Exercise
Output nothing except the lines from the one containing "this 1920×1080 image." through the final line of the data, both included, typed exactly, minus the pictures.
######
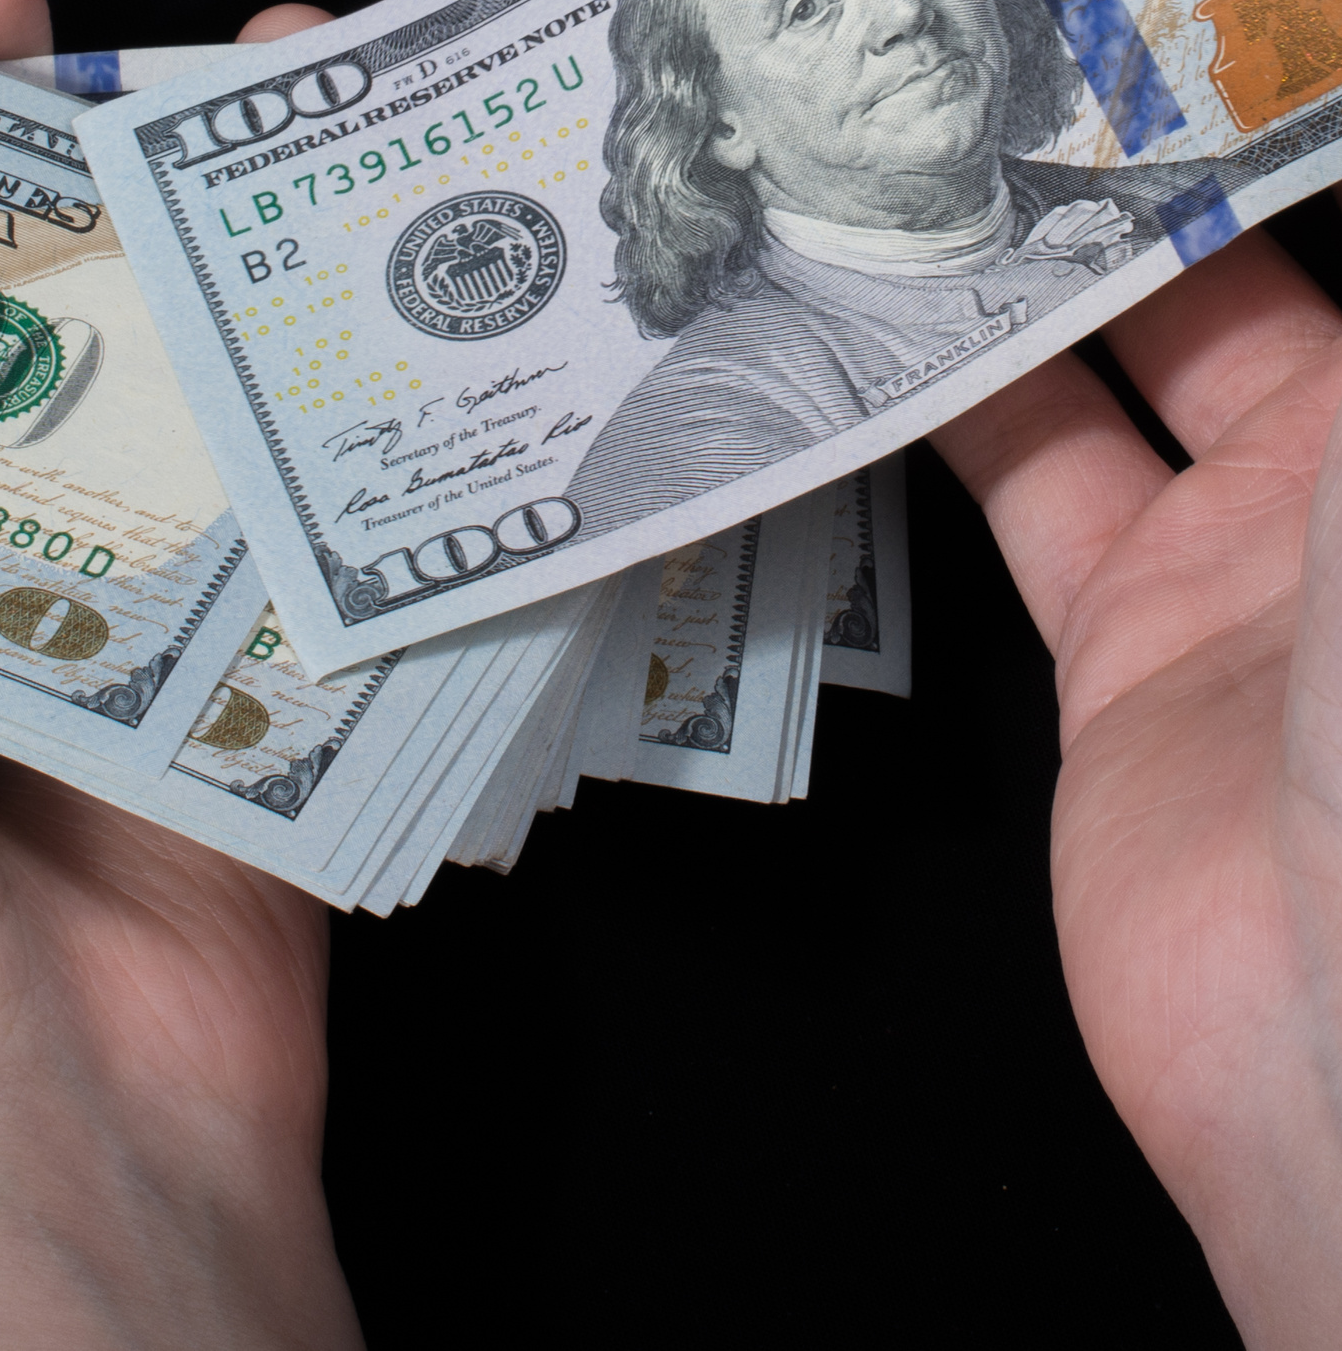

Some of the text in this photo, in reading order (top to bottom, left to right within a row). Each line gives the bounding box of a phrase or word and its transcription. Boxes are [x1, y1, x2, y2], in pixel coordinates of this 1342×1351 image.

[393, 47, 472, 90] FW D 616
[163, 61, 372, 170] 100
[200, 120, 361, 190] FEDERAL
[358, 43, 519, 128] RESERVE
[219, 54, 584, 238] LB 73916152 U
[399, 198, 524, 261] UNITED STATES
[396, 220, 558, 333] FEDERAL RESERVE SYSTEM
[3, 306, 28, 322] OF
[27, 324, 46, 349] THE
[2, 353, 51, 409] TREASURY
[891, 319, 1004, 393] FRANKLIN
[380, 404, 542, 471] Secretary of the Treasury.
[361, 457, 559, 532] Treasurer of the United States.
[79, 545, 115, 578] D
[360, 496, 584, 606] 100
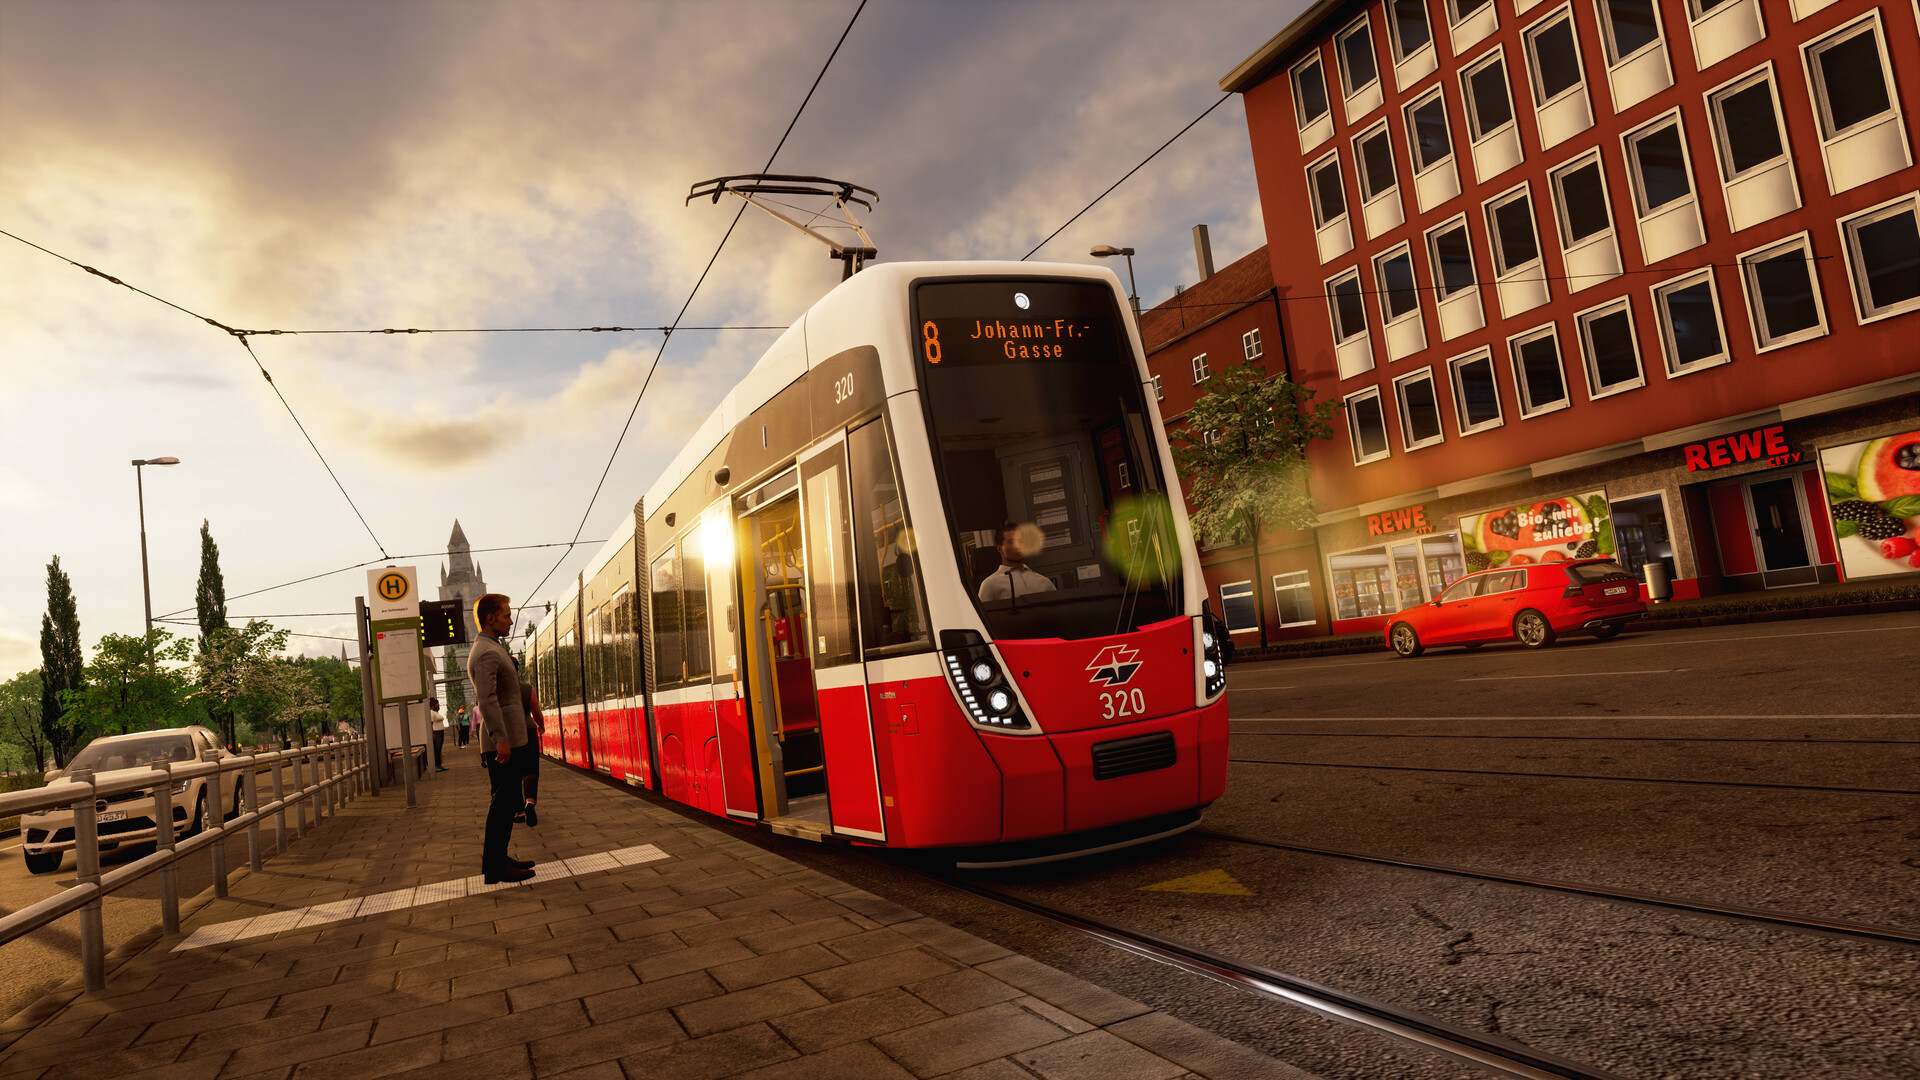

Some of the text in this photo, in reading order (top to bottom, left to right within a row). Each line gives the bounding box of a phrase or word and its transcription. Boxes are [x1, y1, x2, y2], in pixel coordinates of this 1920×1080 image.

[970, 319, 1090, 339] Johann-Fr.-
[923, 320, 942, 364] 8
[1004, 340, 1063, 359] Gasse
[834, 371, 854, 405] 320
[1684, 425, 1789, 472] REWE
[1767, 452, 1801, 467] CITY
[1367, 505, 1427, 537] REWE
[1517, 503, 1580, 527] Bio, mir
[1414, 525, 1433, 536] CITY
[1533, 517, 1600, 542] zuliebe!
[386, 579, 400, 595] H
[1098, 687, 1146, 720] 320
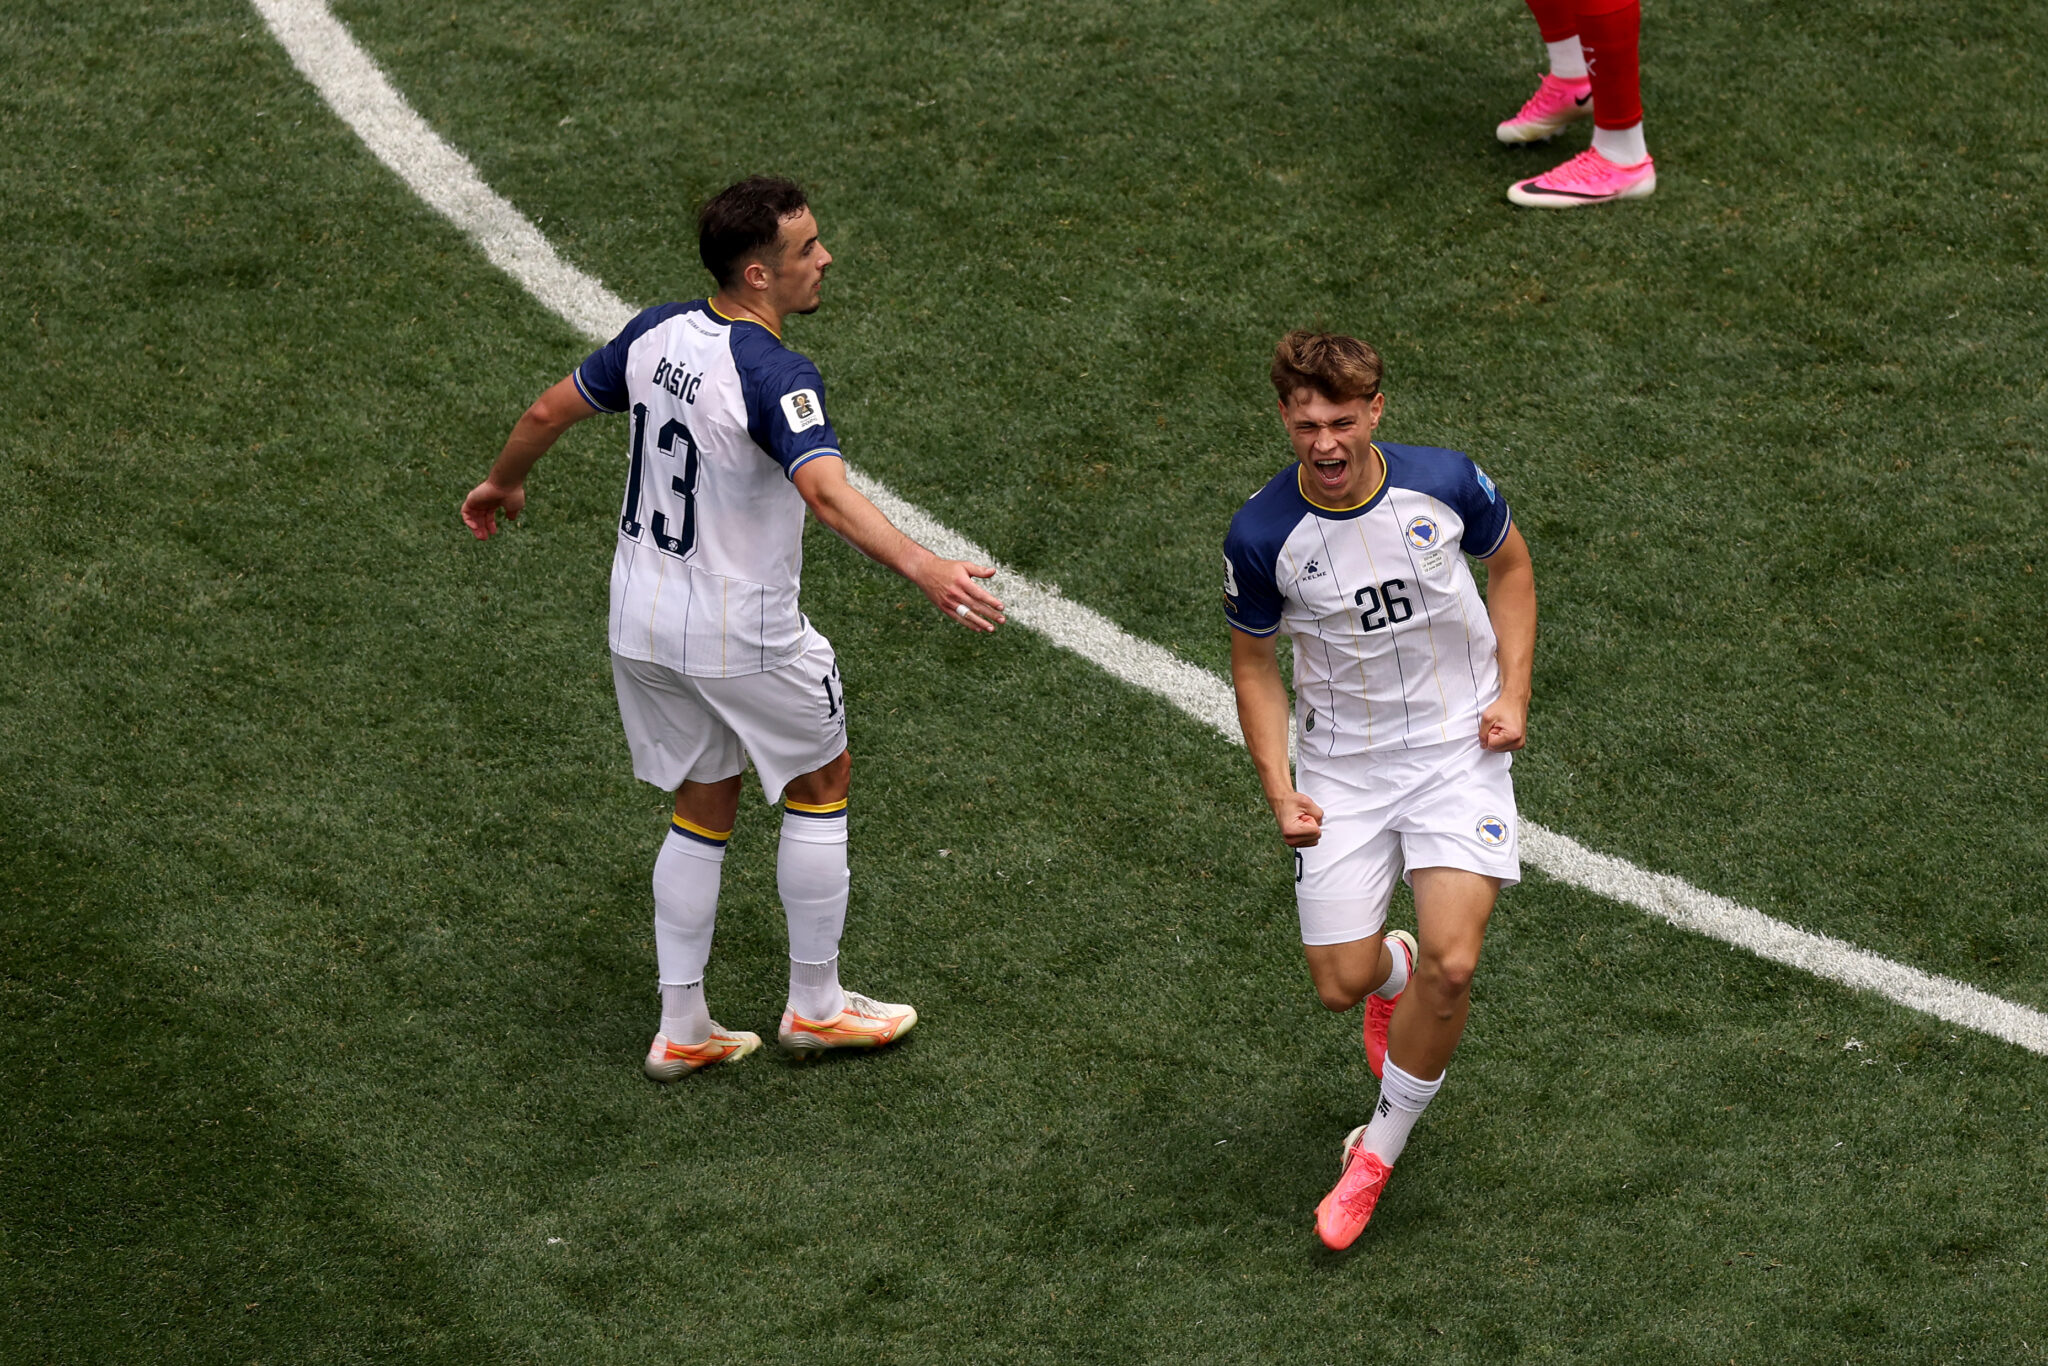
######
Answer for the task
Some of the text in this photo, in reading order (top to bottom, left to right within a row). Each line gives the bounding box of a phrase or word and its transcription. Boxes are [x1, y1, x2, y2], in pixel coordinates of this 1920×1080 image.

[970, 319, 1090, 339] Johann-Fr.-
[923, 320, 942, 364] 8
[1004, 340, 1063, 359] Gasse
[834, 371, 854, 405] 320
[1684, 425, 1789, 472] REWE
[1767, 452, 1801, 467] CITY
[1367, 505, 1427, 537] REWE
[1517, 503, 1580, 527] Bio, mir
[1414, 525, 1433, 536] CITY
[1533, 517, 1600, 542] zuliebe!
[386, 579, 400, 595] H
[1098, 687, 1146, 720] 320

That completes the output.